** Task to complete **
Output all of the data below without changing a word, and exclude the pictures.

=====

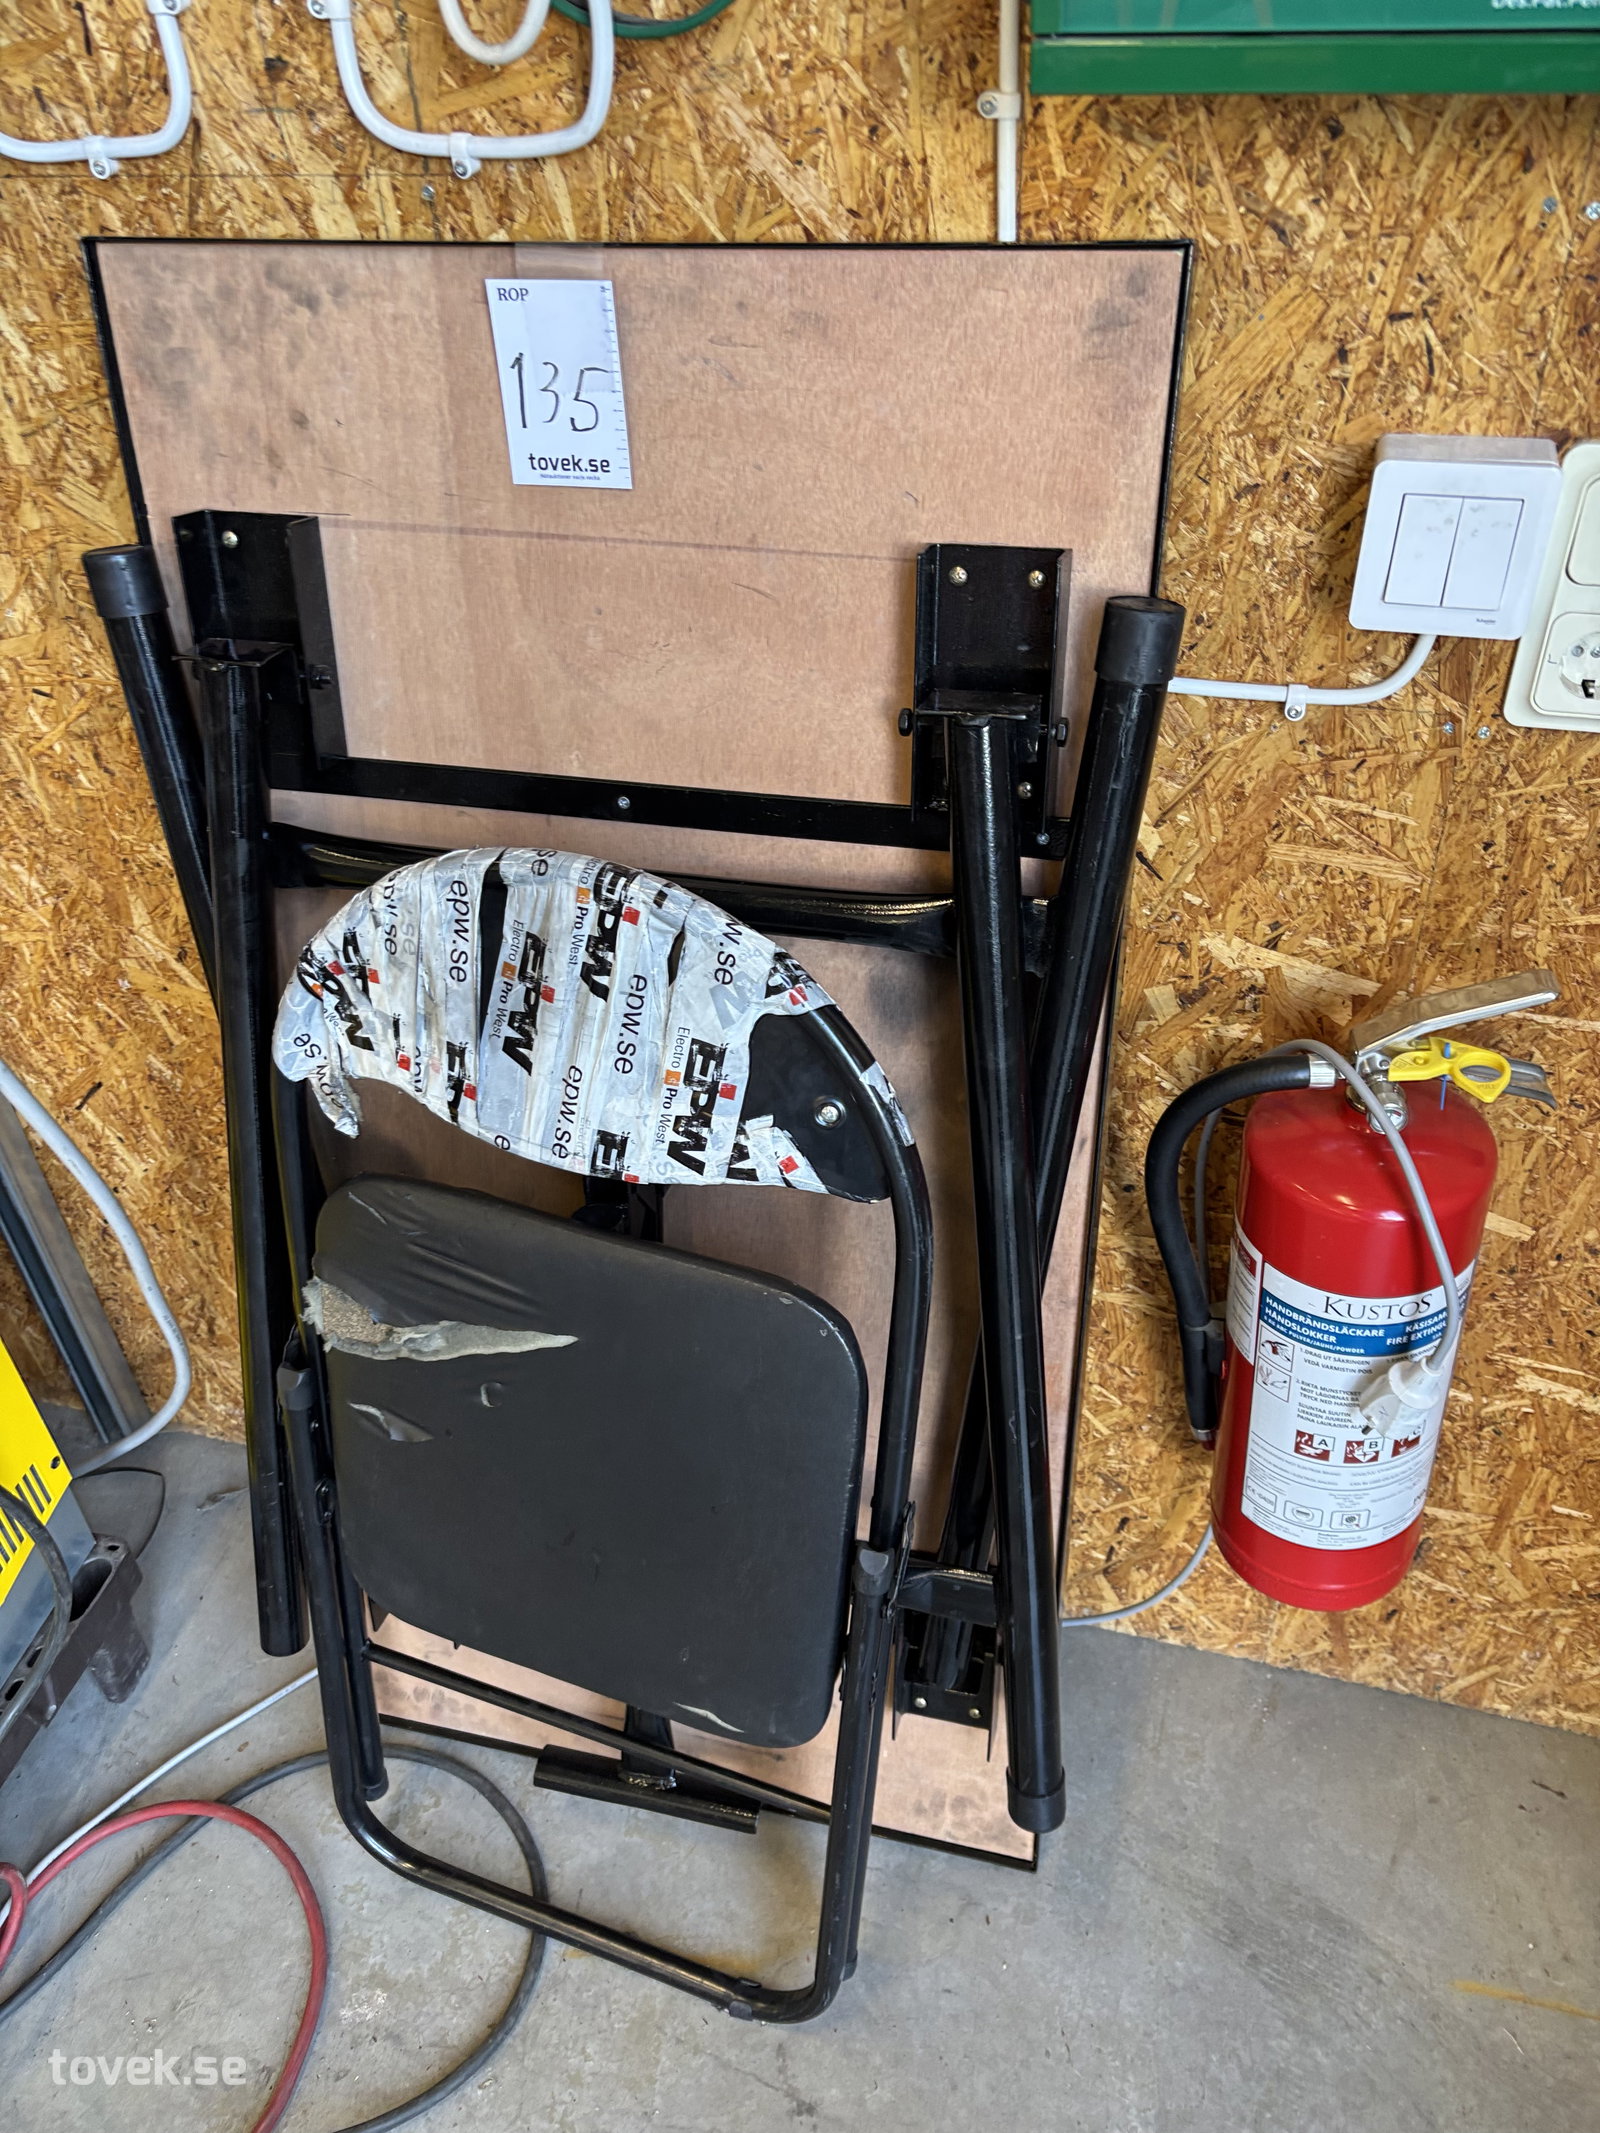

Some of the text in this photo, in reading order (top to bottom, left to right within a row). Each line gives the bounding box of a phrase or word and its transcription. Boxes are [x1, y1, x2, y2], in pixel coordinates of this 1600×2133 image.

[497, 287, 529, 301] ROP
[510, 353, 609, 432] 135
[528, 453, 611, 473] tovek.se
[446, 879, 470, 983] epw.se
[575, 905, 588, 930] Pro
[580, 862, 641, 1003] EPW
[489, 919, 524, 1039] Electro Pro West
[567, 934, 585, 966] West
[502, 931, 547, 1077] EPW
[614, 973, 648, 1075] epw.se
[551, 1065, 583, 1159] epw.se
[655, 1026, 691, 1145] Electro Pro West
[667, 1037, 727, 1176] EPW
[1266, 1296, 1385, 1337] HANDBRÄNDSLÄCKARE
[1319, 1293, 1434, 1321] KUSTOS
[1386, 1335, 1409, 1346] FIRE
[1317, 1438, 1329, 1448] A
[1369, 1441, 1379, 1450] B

=====

** Written response **
Some of the text in this photo, in reading order (top to bottom, left to right within a row). Each line gives the bounding box of a phrase or word and its transcription. Boxes are [x1, y1, x2, y2], in pixel coordinates of this 1600×2133 image.

[497, 287, 529, 301] ROP
[510, 353, 609, 432] 135
[528, 453, 611, 473] tovek.se
[446, 879, 470, 983] epw.se
[575, 905, 588, 930] Pro
[580, 862, 641, 1003] EPW
[489, 919, 524, 1039] Electro Pro West
[567, 934, 585, 966] West
[502, 931, 547, 1077] EPW
[614, 973, 648, 1075] epw.se
[551, 1065, 583, 1159] epw.se
[655, 1026, 691, 1145] Electro Pro West
[667, 1037, 727, 1176] EPW
[1266, 1296, 1385, 1337] HANDBRÄNDSLÄCKARE
[1319, 1293, 1434, 1321] KUSTOS
[1386, 1335, 1409, 1346] FIRE
[1317, 1438, 1329, 1448] A
[1369, 1441, 1379, 1450] B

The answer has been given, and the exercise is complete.